Après la spectacle de la chute, profitez en donc
pour mieux apprécier la grandiosié de la vallée,
de ses parois, de sa roche. Vous vous sentirez tellement
petit, face à cette nature. Et c'est ce que nous
sommes tous face au paysage : petits.
En terminant votre randonnée, quoi de plus normal
que d'aller faire un tour sur les belvédères,
indispensables structures qui gâchent un peu
la vision et l'isolement lorsqu'on est au
rez-de-chaussée du palais, mais qui permettent
d'en avoir une si belle
perspective d'en
haut.
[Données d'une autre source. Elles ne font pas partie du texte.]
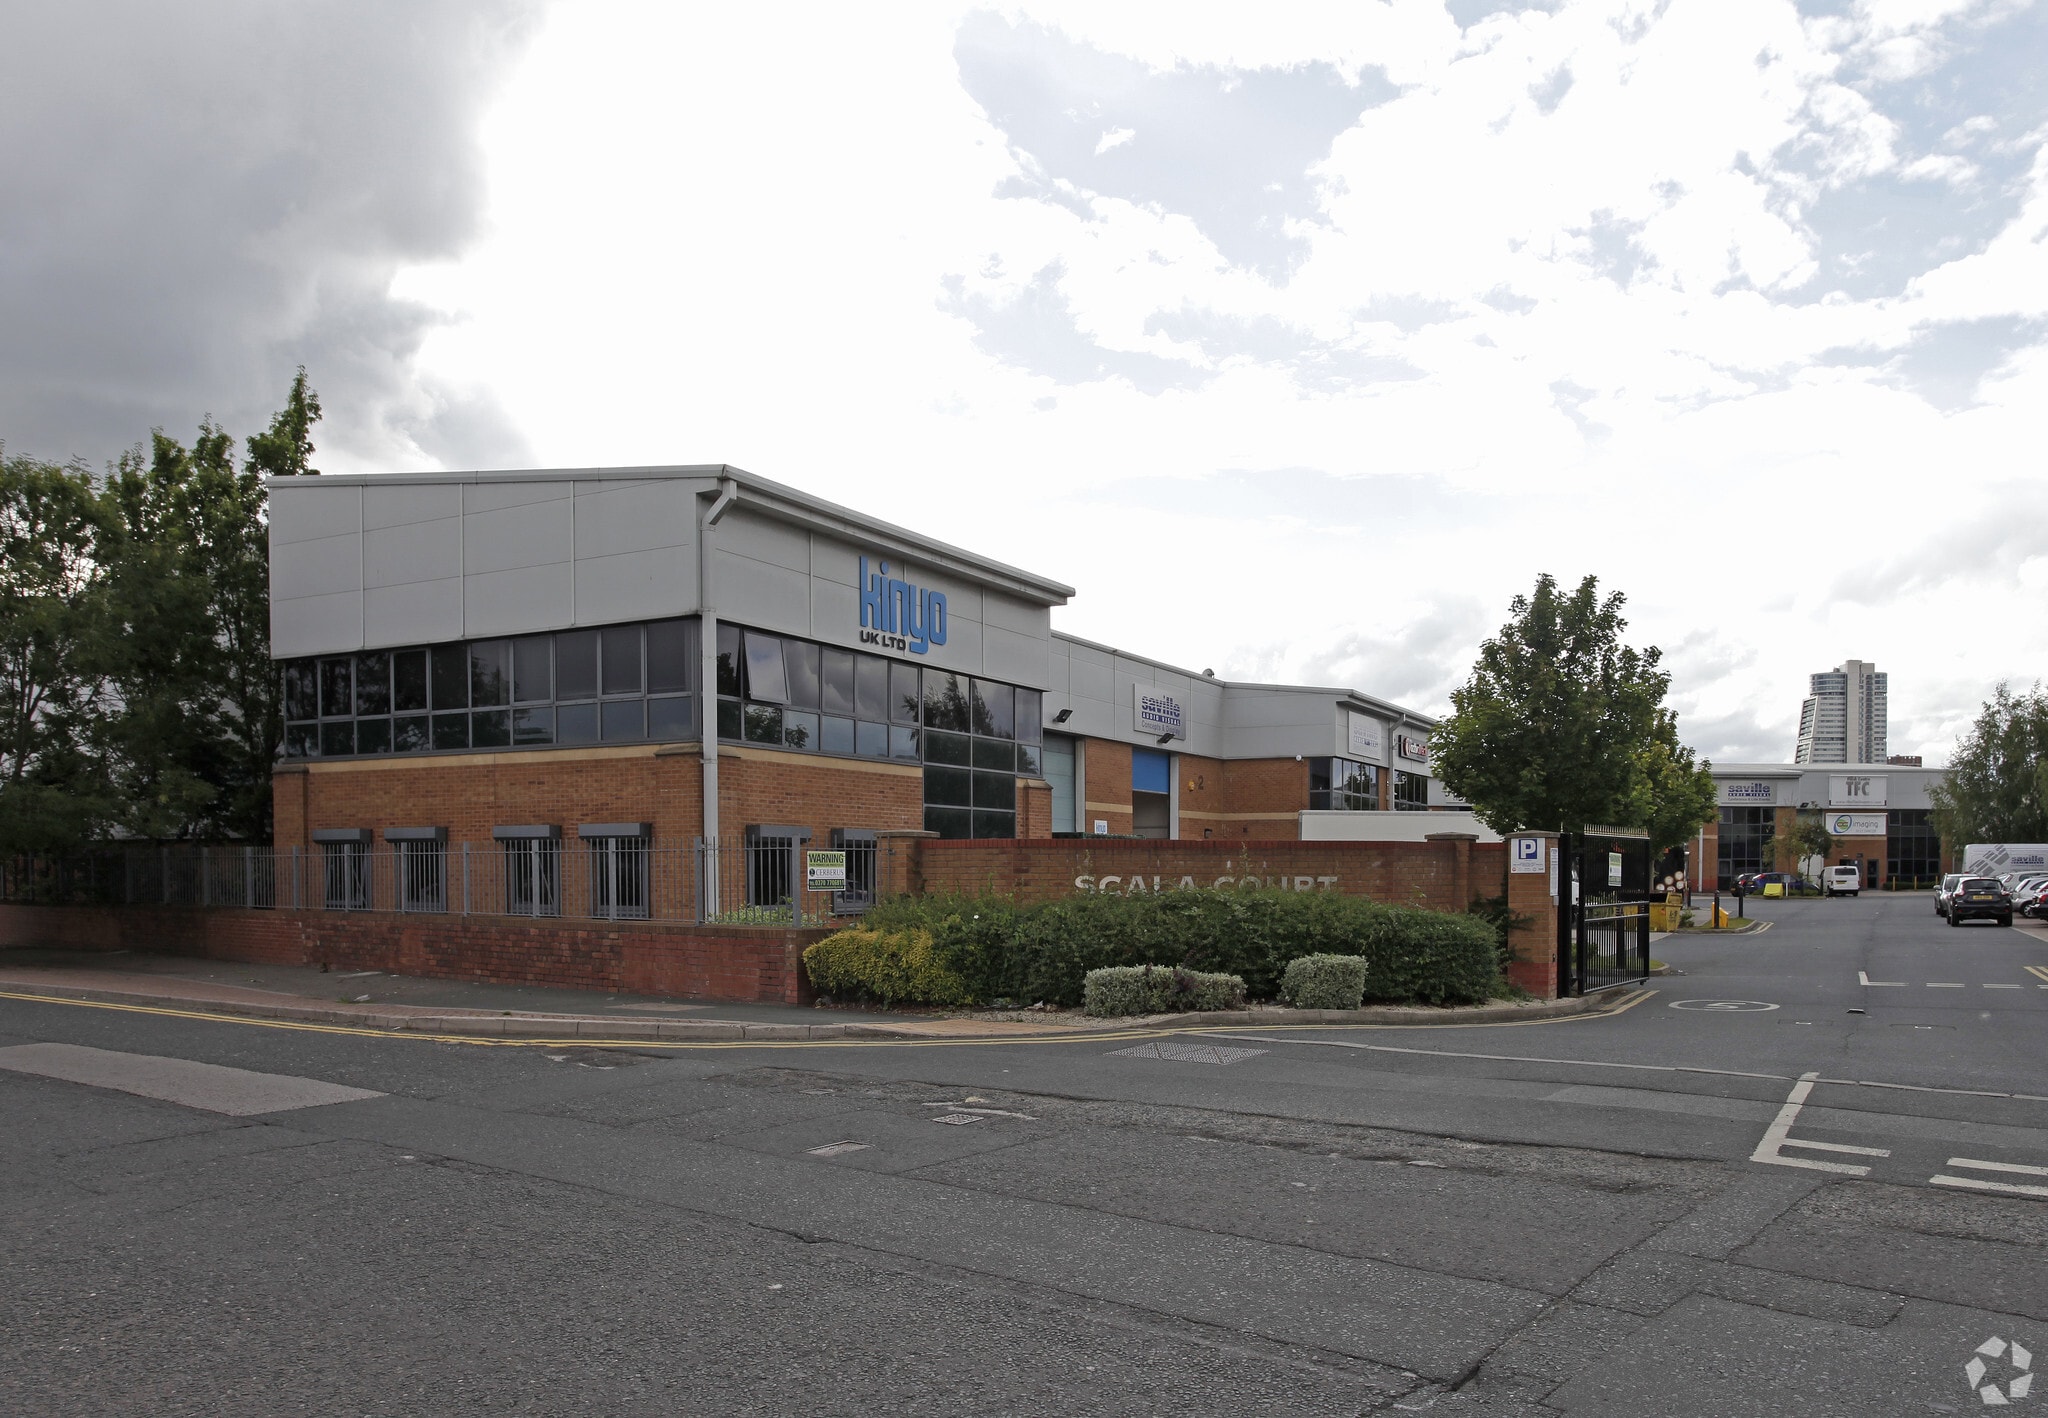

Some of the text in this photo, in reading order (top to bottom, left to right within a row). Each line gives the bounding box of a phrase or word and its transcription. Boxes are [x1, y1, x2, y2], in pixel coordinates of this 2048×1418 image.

[860, 555, 947, 655] kinyo
[860, 630, 906, 651] UK LTD
[1142, 695, 1180, 718] saville
[1142, 712, 1180, 726] AUDIO VISUAL
[1198, 774, 1204, 791] 2
[1728, 782, 1771, 793] saville
[1846, 781, 1870, 796] TFC
[1520, 840, 1536, 859] P
[809, 853, 844, 863] WARNING
[816, 869, 844, 877] CERBERUS
Mais ne quittez pas les belvédères, ou
sinon gare à vous, vous risquez d'accéder
très rapidement au palais...
Accès et difficulté
L'accès au canyon représente un bon deux heures
de route de Port-Menier et une demi-heure du camping
Wilcox, à pointe Carleton.
La randonnée comme telle est relativement facile,
et très facile une fois dans la vallée. Le sentier
(lorsque visible) est constitué de roches parfois
coupantes ; de bons souliers ou bottes de marches
sont préférables, mais des espadrilles de qualité peuvent
faire l'affaire. Prévoyez une petite collation, et
une boisson rafraîchissante si vous vous méfiez
de la qualité de l'eau de la Vauréal (si l'auteur
de ces lignes peut en parler aujourd'hui, c'est qu'elle
doit
être bonne, puisqu'il en a bu !). Si le temps est
chaud et le vent absent, la vallée peut se transformer
en fournaise ; attention au soleil ! Comptez sur
un bon trois heures de randonnée, ou plus, dépendant
combien de temps vous vous attarderez dans ce royaume du silence.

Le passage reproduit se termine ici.